Specifically, the code defines a Ball3DHardAgent class and inherits the Agent class, indicating that this is a trainable agent. This agent has a public variable ball of type GameObject, which represents the ball in the scene. At the same time, this class also defines a property called PositionDelta , which returns the difference between the position of the ball and the position of the agent. This attribute uses the Observable feature , indicating that it can be observed by ReflectionSensor and stacked in multiple time steps (numStackedObservations: 9), so that the neural network can obtain more historical information for learning.

2.2 Code decomposition

2.2.1 using Unity.MLAgents.Sensors.Reflection

using Unity.MLAgents.Sensors.Reflection;

This line of code imports the Reflection namespace, which contains the ObservableAttribute feature class.

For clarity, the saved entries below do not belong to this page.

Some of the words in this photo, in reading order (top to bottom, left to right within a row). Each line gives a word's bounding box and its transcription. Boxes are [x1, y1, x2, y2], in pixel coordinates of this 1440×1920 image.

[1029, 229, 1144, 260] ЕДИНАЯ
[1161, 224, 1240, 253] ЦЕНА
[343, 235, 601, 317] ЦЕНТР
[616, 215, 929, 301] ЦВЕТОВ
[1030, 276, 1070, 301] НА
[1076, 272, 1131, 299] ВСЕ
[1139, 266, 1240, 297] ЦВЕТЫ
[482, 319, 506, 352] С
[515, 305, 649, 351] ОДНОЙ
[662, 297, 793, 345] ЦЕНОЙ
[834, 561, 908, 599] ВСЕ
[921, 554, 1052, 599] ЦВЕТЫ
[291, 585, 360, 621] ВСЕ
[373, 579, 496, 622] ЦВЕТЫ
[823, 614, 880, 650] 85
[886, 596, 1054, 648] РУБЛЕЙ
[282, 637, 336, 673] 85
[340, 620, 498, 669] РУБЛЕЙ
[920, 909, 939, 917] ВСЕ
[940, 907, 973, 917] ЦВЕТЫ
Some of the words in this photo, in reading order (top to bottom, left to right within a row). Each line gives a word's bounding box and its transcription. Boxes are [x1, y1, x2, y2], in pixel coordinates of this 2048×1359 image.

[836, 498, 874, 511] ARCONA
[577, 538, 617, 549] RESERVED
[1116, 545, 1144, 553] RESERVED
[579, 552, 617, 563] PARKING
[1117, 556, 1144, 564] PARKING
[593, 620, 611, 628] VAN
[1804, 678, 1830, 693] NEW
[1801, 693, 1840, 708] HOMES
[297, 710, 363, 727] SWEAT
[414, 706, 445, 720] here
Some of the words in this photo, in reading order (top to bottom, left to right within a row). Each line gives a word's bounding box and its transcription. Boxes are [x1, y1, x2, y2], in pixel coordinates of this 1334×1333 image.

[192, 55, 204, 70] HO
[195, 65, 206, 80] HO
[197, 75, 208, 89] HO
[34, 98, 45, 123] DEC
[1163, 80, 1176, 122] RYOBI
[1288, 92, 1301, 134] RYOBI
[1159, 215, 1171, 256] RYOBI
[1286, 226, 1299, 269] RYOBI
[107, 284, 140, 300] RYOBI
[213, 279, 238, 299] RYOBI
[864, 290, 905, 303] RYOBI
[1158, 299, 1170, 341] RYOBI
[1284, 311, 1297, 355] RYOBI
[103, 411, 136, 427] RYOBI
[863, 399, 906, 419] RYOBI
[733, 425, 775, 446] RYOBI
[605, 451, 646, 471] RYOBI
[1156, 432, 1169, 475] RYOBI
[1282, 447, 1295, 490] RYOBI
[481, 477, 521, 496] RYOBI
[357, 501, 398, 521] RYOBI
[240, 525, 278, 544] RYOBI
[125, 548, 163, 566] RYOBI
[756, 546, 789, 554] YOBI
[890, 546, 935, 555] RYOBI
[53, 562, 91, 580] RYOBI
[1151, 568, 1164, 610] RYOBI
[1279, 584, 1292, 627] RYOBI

2.2.2 public class Ball3DHardAgent : Agent

public class Ball3DHardAgent : Agent

This code defines a Ball3DHardAgentclass named that inherits Agentthe class, indicating that this is an agent using the Unity ML-Agents framework.

An agent refers to an entity used to solve problems in machine learning. It can perceive the environment and maximize a certain objective function through learning strategies to achieve the optimal solution to the problem. In the Unity ML-Agents framework, an agent can be any game object (GameObject) in the scene.

This class contains a PositionDeltaproperty named that uses the attribute to add the input of the neural network to the observation data . Specifically, an attribute of type Vector3 that calculates the ball's position offset relative to the agent and adds it to the observations as a vector of length 9 (numStackedObservations: 9). ObservablePositionDelta

When using the Reflection Sensor, Observablethe observation data (observation) used by the feature to mark the agent should be added to the buffer of the Reflection Sensor . This feature also allows specifying where observations are placed in the buffer, and how many observations are stacked.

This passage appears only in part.